8 exams. i died.
i am 95% sure i'll be repeating my 2nd year optom subjects.
i already had a head space going into finals that i will fail. about 20% people each year repeat. this semester, there were over 30 (out of 110) repeating from last year, and that's not including ~10ish people who failed first year. yes, they do have the power to fail more than a quarter of the grade if they want.
it is a sad reality. repeating 2 subjects means money and 1 year of my life wasted. on the flip side, it means i'll actually have time to study and it'll be (hopefully) more easier, and i'll actually have a uni life.
also, two 8am starts. and they are so bad. you get there at 8am to find out what time you'll actually be doing your prac. i guess i was "lucky" since mine were usually before midday, but some people get to uni at 8 then find out their prac is at 1 or 2pm, so they sit there waiting. it's still ridiculous even for me starting at 10am, waiting/stressing until it's your prac turn. they don't release who your partner is until you get there in the morning so you won't be able to test them out/look into them...
optom weightings-the confusing marks just for one particular subject i've been talking about throughout semester. it's 3 subjects in one since each strand us completely different/don't relate. like the only thing probably related is having to use you eye.
and did i mention that they don't scale? ): it's so complicated compared to visn/anat where it's just 25, 25, and 50% finals. everything in optom itself doesn't weight much, like there are 3 prac exams, so 5% each, then 1.67% of the whole course, but you have to get over 50%. there is NO SUCH THING as "making it up" somewhere else, you fail the tiniest but vital component, and gg, see you again next year.
especially out optom final, it was so pressed for time, didn't finish, and neither did a lot of people.
but ahh, if i fail 2 optom subjects, i'll having nothing to study next semester. i think i can repeat optom, but repeating visn will be hell. and visn supps are oral exams-like asdghjkl. you have to know your stuff and tell her on the spot. and if i do fail optom, please-i don't want to repeat all 3 strands.
i don't know why my brain doesn't absorb stuff properly, or i just freak out in the exam.
if i don't get a supp, i know i have failed ): only gets supps if you're borderline passing or if you aren't as strong in that component, but ace everything else. too bad i failed everything so they won't even offer me a supp. like the colour vision practical, completely mind blanked and the examiner was just glaring at me and telling me to hurry up. argh, why? and then since i couldn't even do the practical component, she gave me all the hard stuff to analyse. and then for slit lamp, i had the lecturer as my examiner, and it's never good for the examiner to question your technique and then cut you off. both my partner and i couldn't even turn it on to start with ): also, they most likely look into your mid sem marks, and since some i failed and some borderline passed, they will probably not even consider me for the supp list.
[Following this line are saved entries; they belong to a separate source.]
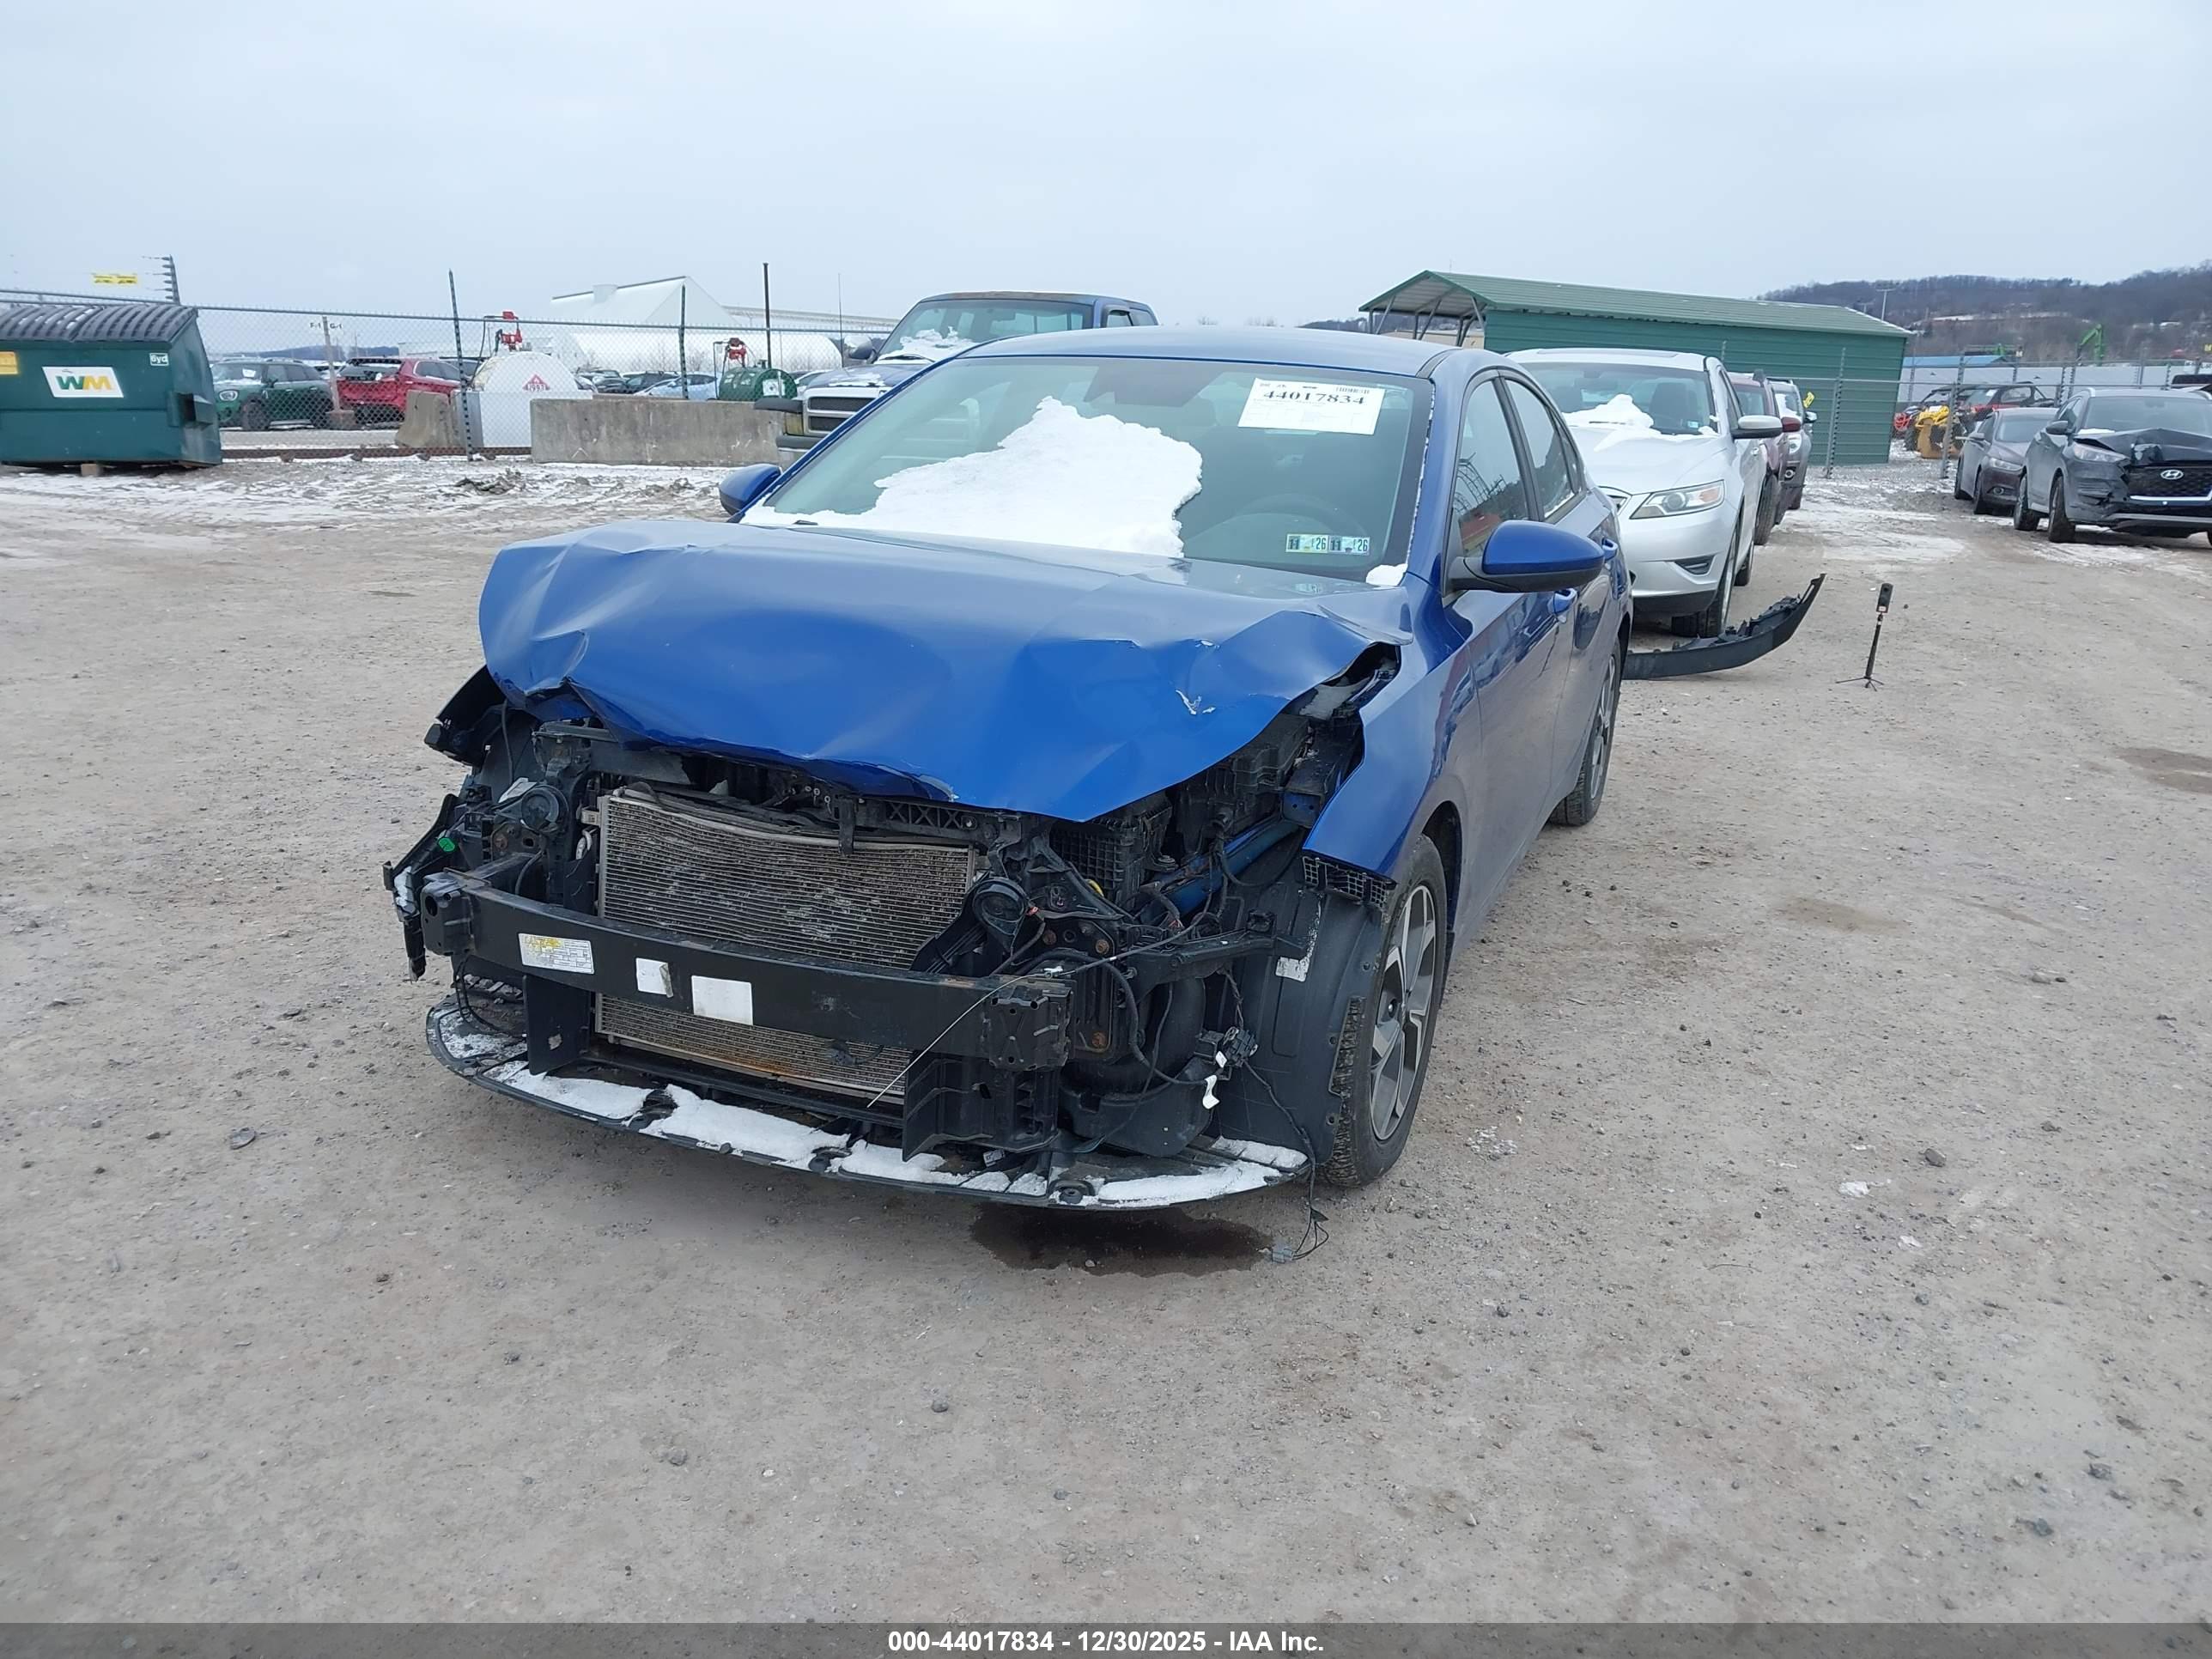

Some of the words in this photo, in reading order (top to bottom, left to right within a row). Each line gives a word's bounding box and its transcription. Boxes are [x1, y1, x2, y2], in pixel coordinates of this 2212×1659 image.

[56, 375, 112, 390] WM
[1263, 390, 1365, 404] 44017834
[1316, 537, 1327, 550] 26
[1357, 538, 1368, 552] 26
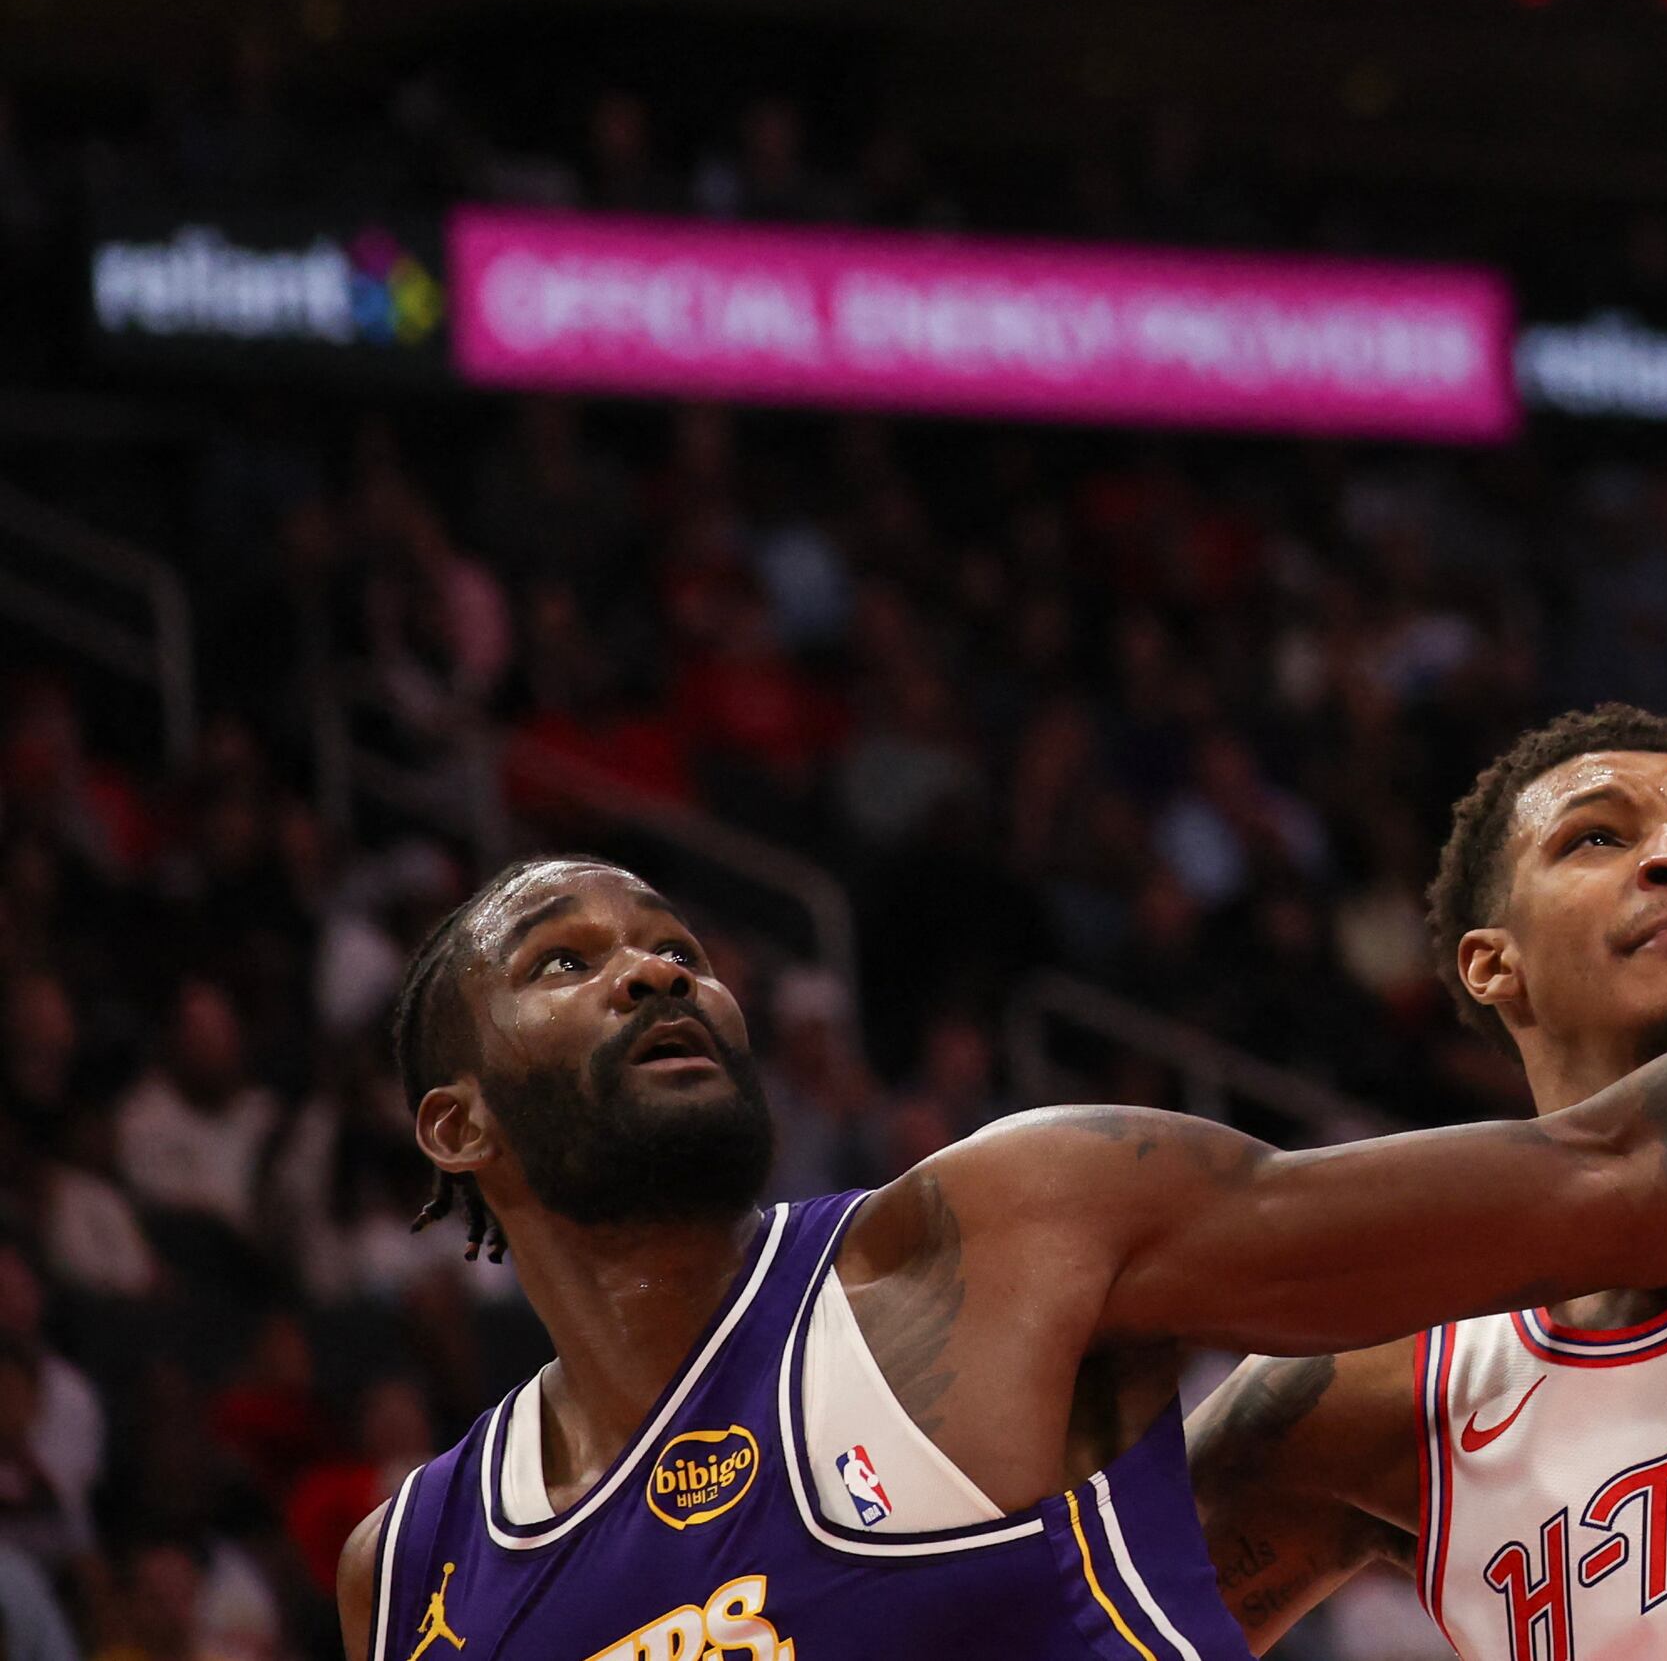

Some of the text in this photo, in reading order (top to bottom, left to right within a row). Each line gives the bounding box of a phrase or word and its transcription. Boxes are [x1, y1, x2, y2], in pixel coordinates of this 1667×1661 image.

[656, 1447, 752, 1495] bibigo
[676, 1485, 719, 1508] 비비고
[862, 1503, 882, 1525] NBA
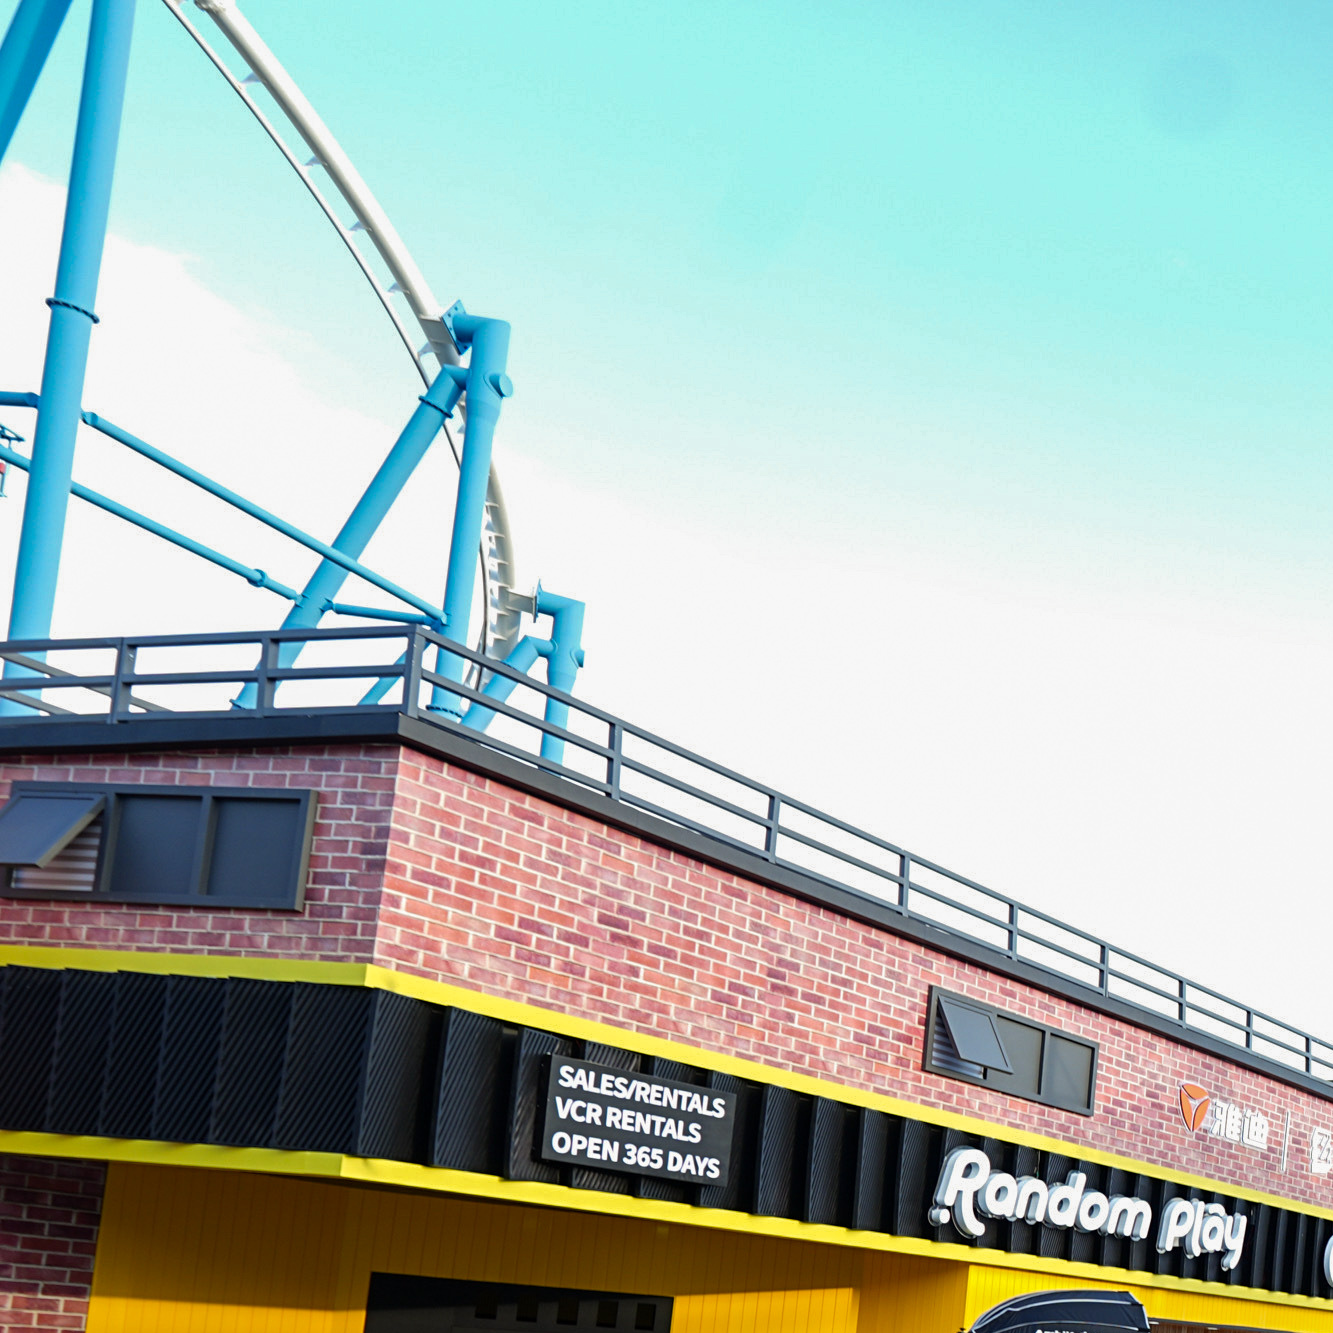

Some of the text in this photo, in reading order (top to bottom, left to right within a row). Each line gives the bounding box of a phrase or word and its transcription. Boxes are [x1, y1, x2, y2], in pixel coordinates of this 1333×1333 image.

2nd year is technically the hardest with everything little bit needed to be passed. and for visn you have to pass the finals to pass the course. please, i'm relying on half marks. today marks the day where i woke up at 4am to study for an exam-i was literally that freakin screwed. less than 6 hours of sleep, but the other people got 2 hours. way too much content, and i felt like the stuff i study wasn't in the test. and don't get me talking about my other tests...well i did wake up at 10am the day before...but if i don;t sleep in then i don't have the energy/alertness to study. like on one day, i woke up before 8am, but i actually started dozing off at 10am since i didn't have over 8 hours of sleep...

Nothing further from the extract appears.